:: Exercise materials

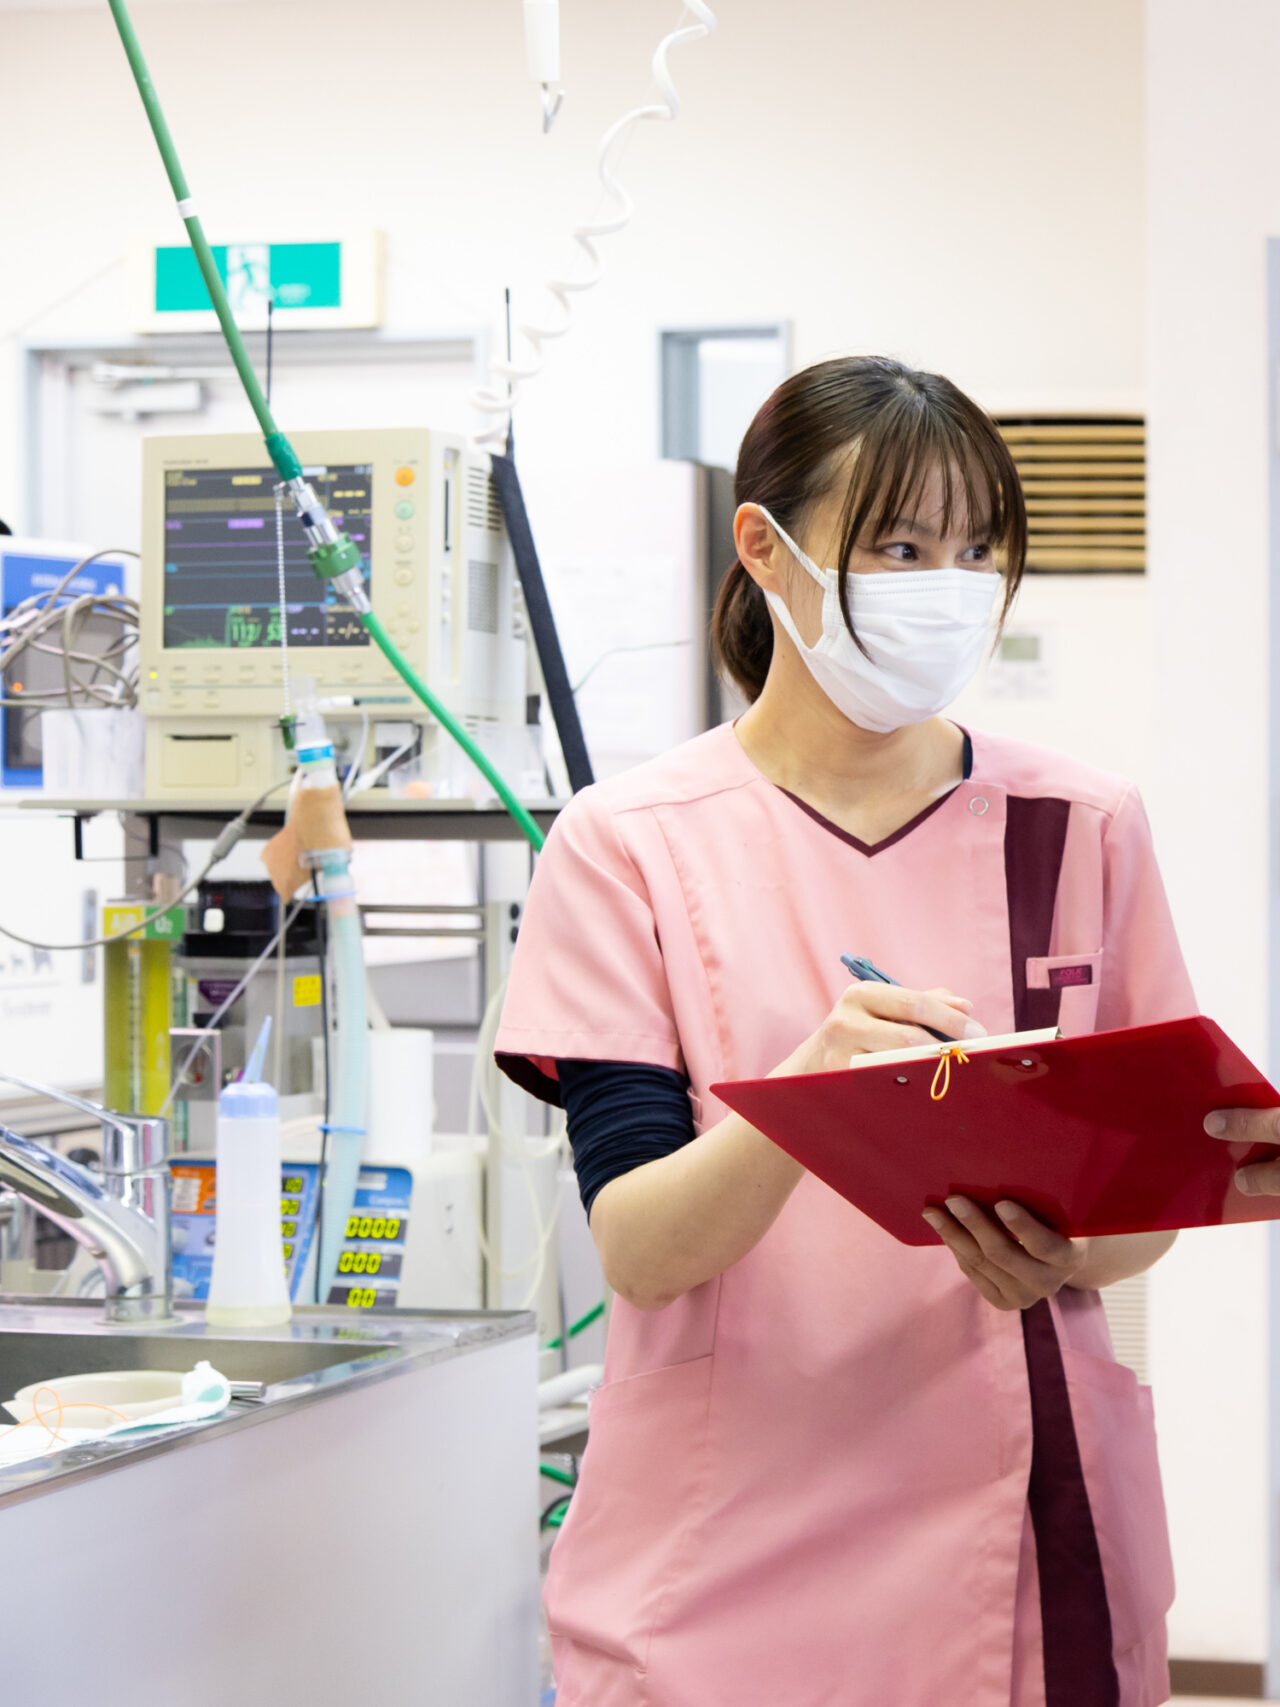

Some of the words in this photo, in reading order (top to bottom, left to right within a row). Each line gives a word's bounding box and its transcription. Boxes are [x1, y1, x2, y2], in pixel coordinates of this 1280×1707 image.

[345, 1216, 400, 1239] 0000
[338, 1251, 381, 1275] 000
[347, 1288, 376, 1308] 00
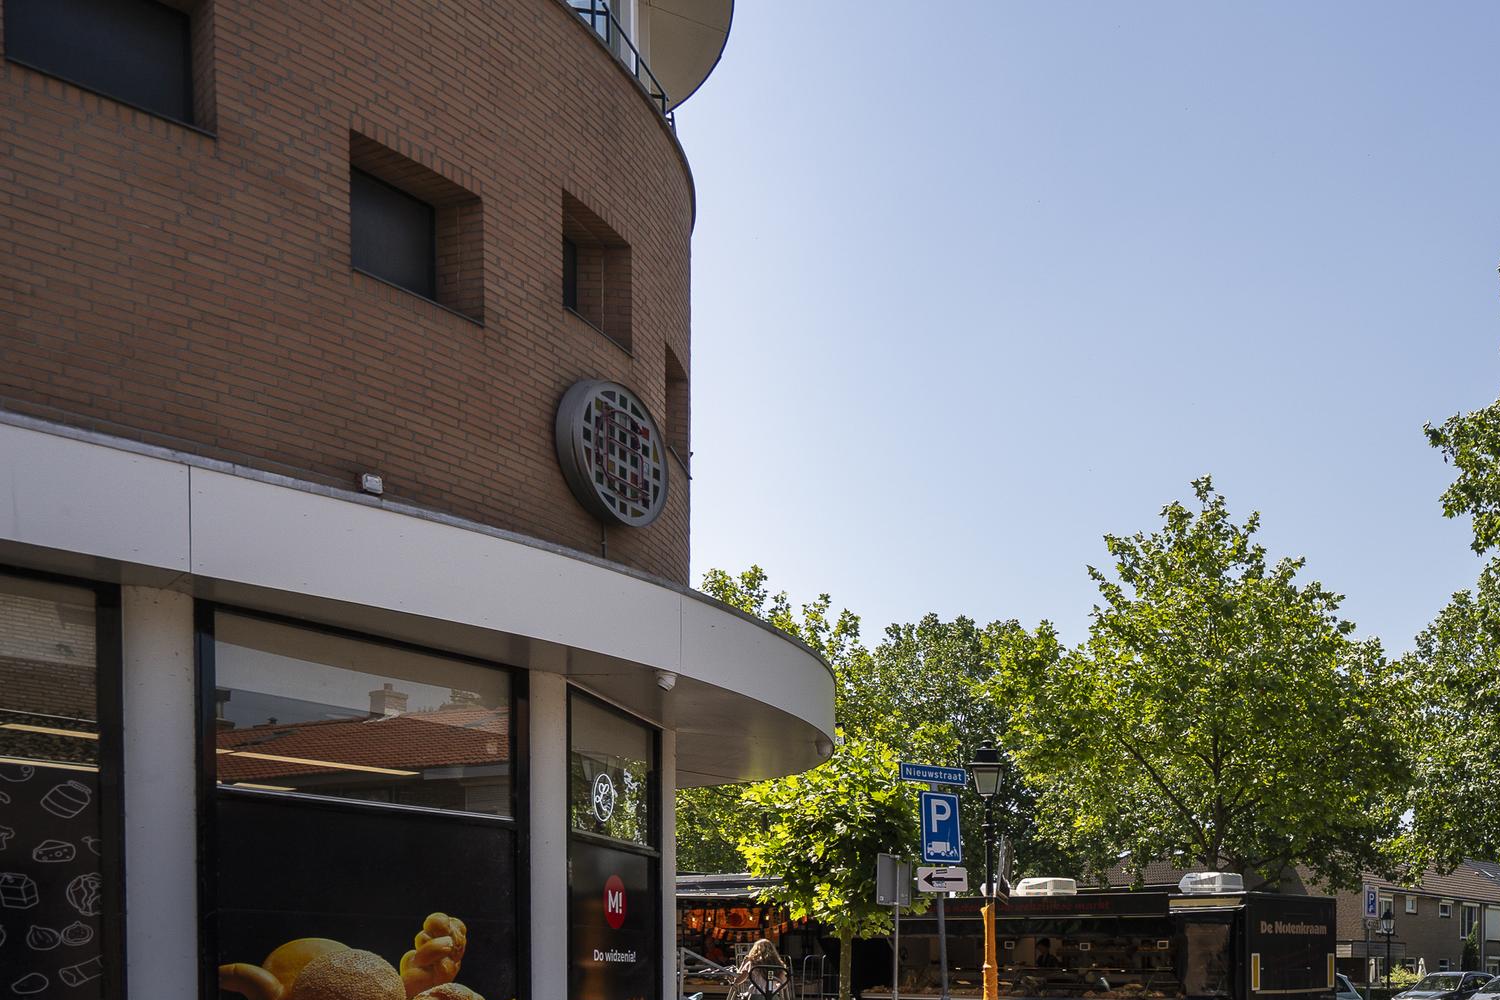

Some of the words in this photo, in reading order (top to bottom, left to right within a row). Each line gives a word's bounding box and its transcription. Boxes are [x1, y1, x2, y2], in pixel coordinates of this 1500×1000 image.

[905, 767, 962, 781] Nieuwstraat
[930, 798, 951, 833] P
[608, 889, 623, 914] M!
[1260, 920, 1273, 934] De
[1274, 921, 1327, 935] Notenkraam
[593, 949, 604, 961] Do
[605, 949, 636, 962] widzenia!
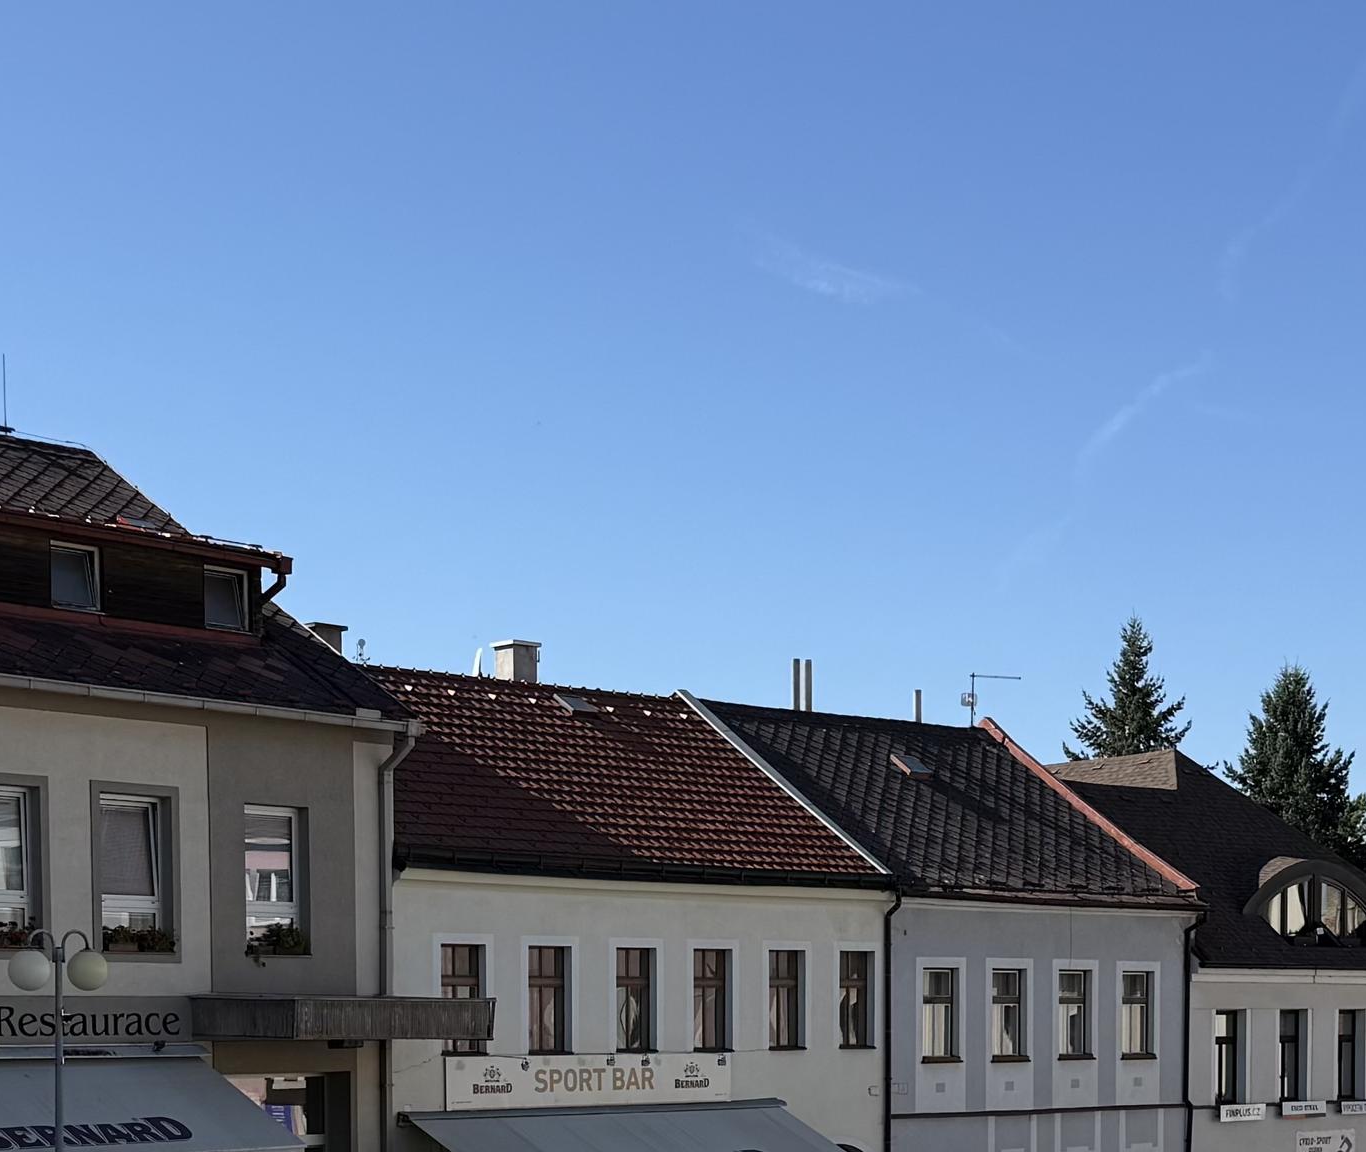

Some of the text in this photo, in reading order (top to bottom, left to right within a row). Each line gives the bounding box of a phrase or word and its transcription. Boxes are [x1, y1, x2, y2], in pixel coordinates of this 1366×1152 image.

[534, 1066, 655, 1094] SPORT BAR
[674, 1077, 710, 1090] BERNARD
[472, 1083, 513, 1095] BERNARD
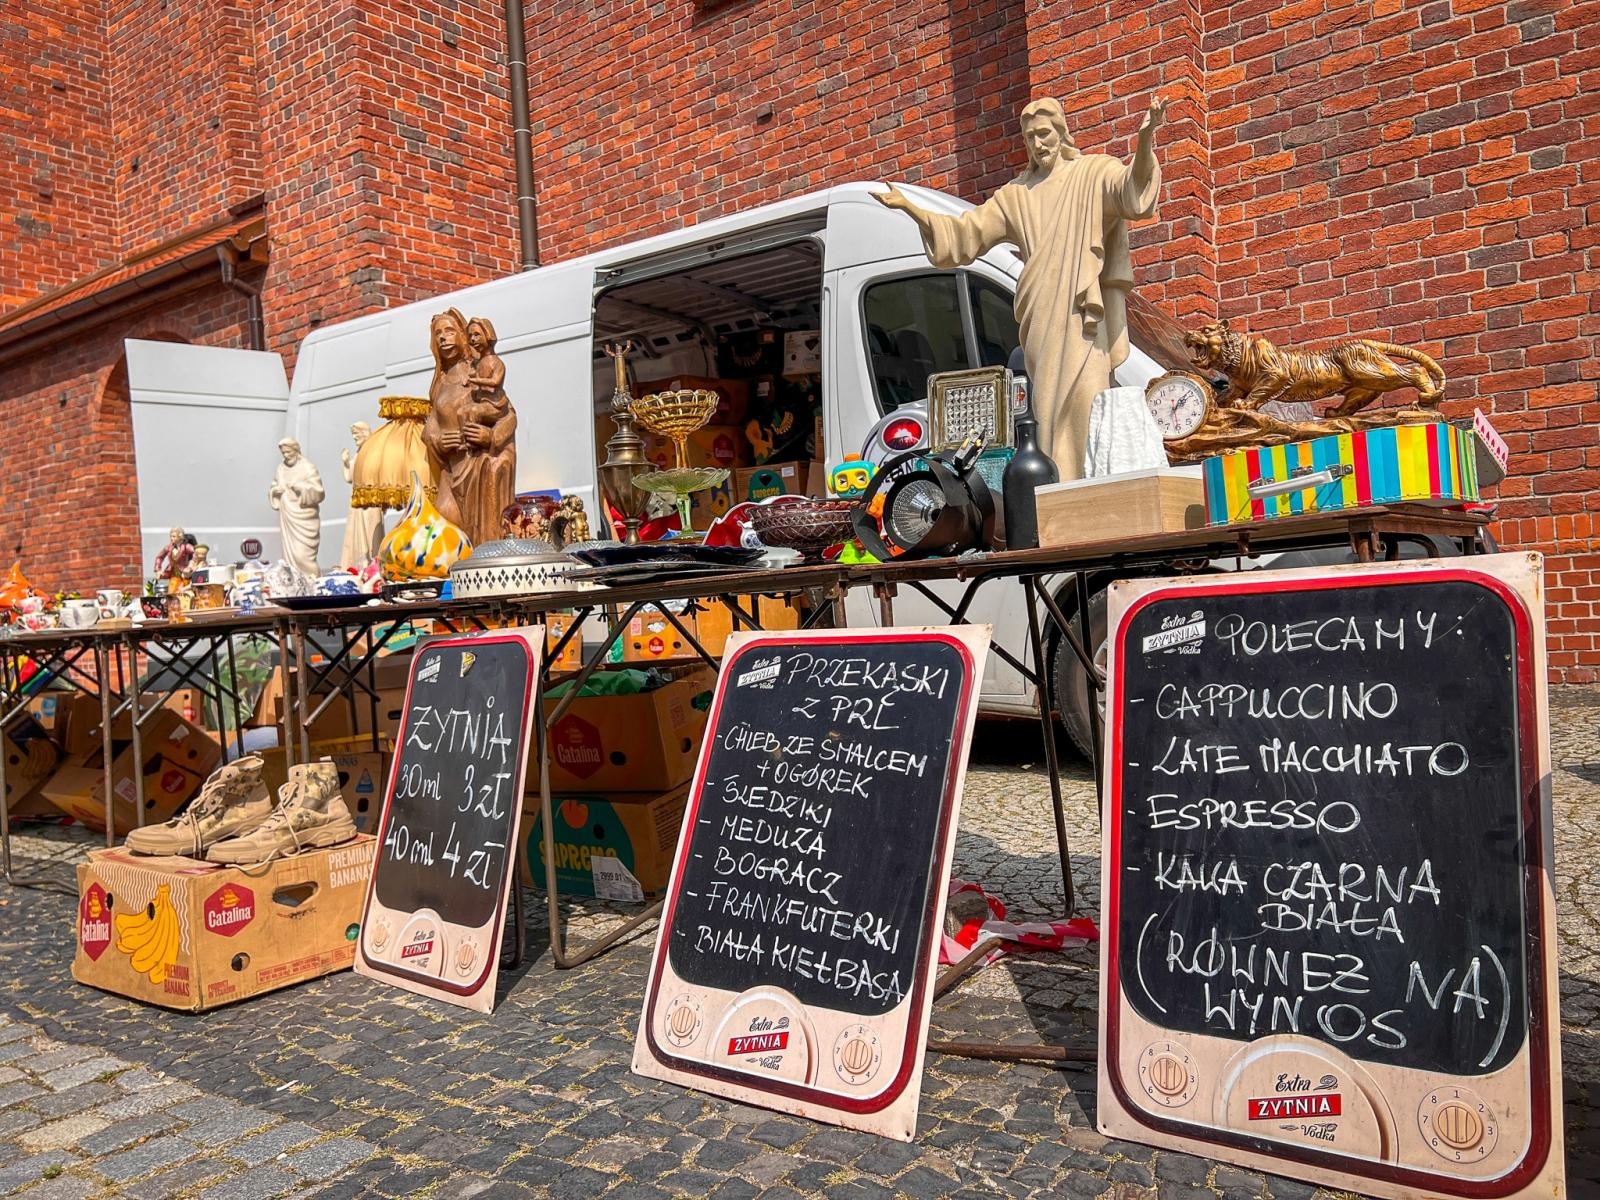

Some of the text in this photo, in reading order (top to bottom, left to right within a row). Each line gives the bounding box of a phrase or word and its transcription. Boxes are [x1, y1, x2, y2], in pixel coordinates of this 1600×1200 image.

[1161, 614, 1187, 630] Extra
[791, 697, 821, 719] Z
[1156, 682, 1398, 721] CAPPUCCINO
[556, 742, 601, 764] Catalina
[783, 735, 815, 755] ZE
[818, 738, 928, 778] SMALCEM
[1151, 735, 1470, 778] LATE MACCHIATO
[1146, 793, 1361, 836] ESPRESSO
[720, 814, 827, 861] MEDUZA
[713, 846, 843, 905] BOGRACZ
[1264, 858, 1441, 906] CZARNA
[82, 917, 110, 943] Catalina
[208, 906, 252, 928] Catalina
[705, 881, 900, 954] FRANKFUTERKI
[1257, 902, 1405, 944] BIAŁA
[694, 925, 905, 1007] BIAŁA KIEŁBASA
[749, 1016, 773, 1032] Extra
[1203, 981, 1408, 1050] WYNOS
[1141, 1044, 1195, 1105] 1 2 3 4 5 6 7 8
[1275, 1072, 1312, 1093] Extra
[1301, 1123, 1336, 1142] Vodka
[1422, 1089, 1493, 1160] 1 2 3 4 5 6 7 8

::::

Without the pictures, return all the records precisely as they stand.

Result below
Some of the words in this photo, in reading order (top to bottom, left to right within a row). Each line gives a word's bounding box and its transcription. Boxes are [x1, y1, x2, y2], in pixel coordinates of this 1280×1707 image.

[345, 1216, 400, 1239] 0000
[338, 1251, 381, 1275] 000
[347, 1288, 376, 1308] 00

Some of the words in this photo, in reading order (top to bottom, left to right within a row). Each line gives a word's bounding box and its transcription. Boxes are [x1, y1, x2, y2], in pixel coordinates of this 1500×1000 image.

[905, 767, 962, 781] Nieuwstraat
[930, 798, 951, 833] P
[608, 889, 623, 914] M!
[1260, 920, 1273, 934] De
[1274, 921, 1327, 935] Notenkraam
[593, 949, 604, 961] Do
[605, 949, 636, 962] widzenia!

Some of the text in this photo, in reading order (top to bottom, left to right within a row). Each line gives the bounding box of a phrase or word and its transcription. Boxes are [x1, y1, x2, y2], in pixel coordinates of this 1366×1152 image.

[534, 1066, 655, 1094] SPORT BAR
[674, 1077, 710, 1090] BERNARD
[472, 1083, 513, 1095] BERNARD

Some of the text in this photo, in reading order (top to bottom, left to right within a row). Each line gives the bounding box of a phrase or word and its transcription. Boxes are [x1, y1, x2, y2], in pixel coordinates of this 1600×1200 image.

[1161, 614, 1187, 630] Extra
[791, 697, 821, 719] Z
[1156, 682, 1398, 721] CAPPUCCINO
[556, 742, 601, 764] Catalina
[783, 735, 815, 755] ZE
[818, 738, 928, 778] SMALCEM
[1151, 735, 1470, 778] LATE MACCHIATO
[1146, 793, 1361, 836] ESPRESSO
[720, 814, 827, 861] MEDUZA
[713, 846, 843, 905] BOGRACZ
[1264, 858, 1441, 906] CZARNA
[82, 917, 110, 943] Catalina
[208, 906, 252, 928] Catalina
[705, 881, 900, 954] FRANKFUTERKI
[1257, 902, 1405, 944] BIAŁA
[694, 925, 905, 1007] BIAŁA KIEŁBASA
[749, 1016, 773, 1032] Extra
[1203, 981, 1408, 1050] WYNOS
[1141, 1044, 1195, 1105] 1 2 3 4 5 6 7 8
[1275, 1072, 1312, 1093] Extra
[1301, 1123, 1336, 1142] Vodka
[1422, 1089, 1493, 1160] 1 2 3 4 5 6 7 8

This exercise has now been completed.